Your instructions
Print the entries that appear below, exactly as written and without their pictures.

Provided information
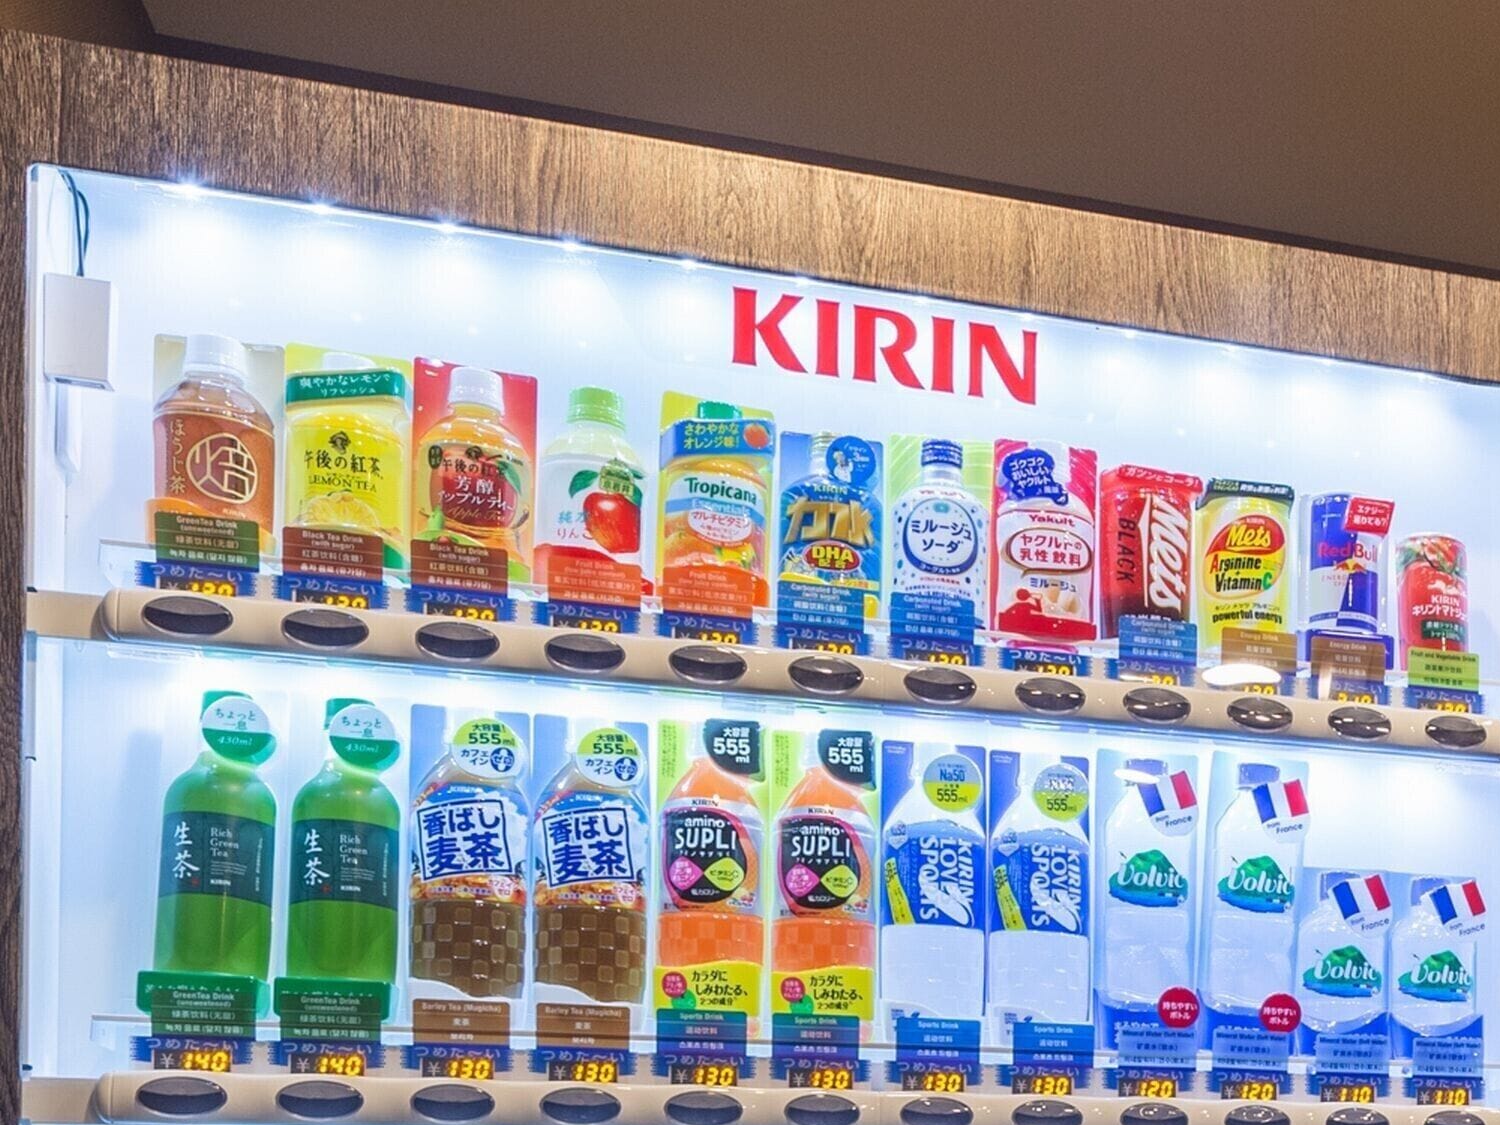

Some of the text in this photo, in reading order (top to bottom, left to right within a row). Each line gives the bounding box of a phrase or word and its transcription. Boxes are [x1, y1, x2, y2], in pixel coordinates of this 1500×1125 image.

[732, 286, 1038, 405] KIRIN
[684, 422, 739, 436] さわやかな
[168, 418, 187, 494] ほうじ茶
[304, 449, 382, 476] 午後の紅茶
[1011, 467, 1049, 479] おいしい
[308, 476, 349, 491] LEMON
[684, 478, 757, 505] Tropicana
[1029, 513, 1076, 528] Yakult
[911, 520, 973, 542] ミルージュ
[1226, 524, 1272, 548] Mets
[811, 544, 854, 563] DHA
[921, 538, 963, 555] ソーダ
[1117, 517, 1136, 583] BLACK
[1149, 494, 1188, 613] Mets
[1319, 543, 1351, 558] Red
[1210, 554, 1261, 573] Arginine
[1213, 611, 1253, 623] powerful
[215, 706, 256, 721] ちょっと
[217, 735, 253, 747] 430ml
[713, 737, 750, 755] 555
[423, 807, 502, 834] 香ばし
[549, 816, 625, 843] 香ばし
[685, 816, 725, 829] amino
[1165, 814, 1192, 828] France
[210, 827, 233, 838] Rich
[675, 828, 736, 851] SUPLI
[172, 823, 199, 879] 生茶
[210, 838, 240, 850] Green
[210, 848, 229, 858] Tea
[425, 832, 504, 875] 麦茶
[791, 835, 851, 858] SUPLI
[552, 840, 626, 881] 麦茶
[1117, 862, 1185, 890] Volvic
[1228, 869, 1295, 896] Volvic
[691, 971, 728, 984] カラダに
[181, 1051, 227, 1071] 140
[317, 1055, 362, 1076] 140
[447, 1060, 489, 1079] 130
[572, 1063, 614, 1082] 130
[693, 1067, 733, 1087] 130
[811, 1070, 849, 1089] 130
[1140, 1080, 1173, 1098] 120
[1338, 1086, 1371, 1103] 110

Response
Some of the text in this photo, in reading order (top to bottom, left to right within a row). Each line gives the bounding box of a phrase or word and its transcription. Boxes are [x1, y1, x2, y2], in pixel coordinates of this 1500×1125 image.

[732, 286, 1038, 405] KIRIN
[684, 422, 739, 436] さわやかな
[168, 418, 187, 494] ほうじ茶
[304, 449, 382, 476] 午後の紅茶
[1011, 467, 1049, 479] おいしい
[308, 476, 349, 491] LEMON
[684, 478, 757, 505] Tropicana
[1029, 513, 1076, 528] Yakult
[911, 520, 973, 542] ミルージュ
[1226, 524, 1272, 548] Mets
[811, 544, 854, 563] DHA
[921, 538, 963, 555] ソーダ
[1117, 517, 1136, 583] BLACK
[1149, 494, 1188, 613] Mets
[1319, 543, 1351, 558] Red
[1210, 554, 1261, 573] Arginine
[1213, 611, 1253, 623] powerful
[215, 706, 256, 721] ちょっと
[217, 735, 253, 747] 430ml
[713, 737, 750, 755] 555
[423, 807, 502, 834] 香ばし
[549, 816, 625, 843] 香ばし
[685, 816, 725, 829] amino
[1165, 814, 1192, 828] France
[210, 827, 233, 838] Rich
[675, 828, 736, 851] SUPLI
[172, 823, 199, 879] 生茶
[210, 838, 240, 850] Green
[210, 848, 229, 858] Tea
[425, 832, 504, 875] 麦茶
[791, 835, 851, 858] SUPLI
[552, 840, 626, 881] 麦茶
[1117, 862, 1185, 890] Volvic
[1228, 869, 1295, 896] Volvic
[691, 971, 728, 984] カラダに
[181, 1051, 227, 1071] 140
[317, 1055, 362, 1076] 140
[447, 1060, 489, 1079] 130
[572, 1063, 614, 1082] 130
[693, 1067, 733, 1087] 130
[811, 1070, 849, 1089] 130
[1140, 1080, 1173, 1098] 120
[1338, 1086, 1371, 1103] 110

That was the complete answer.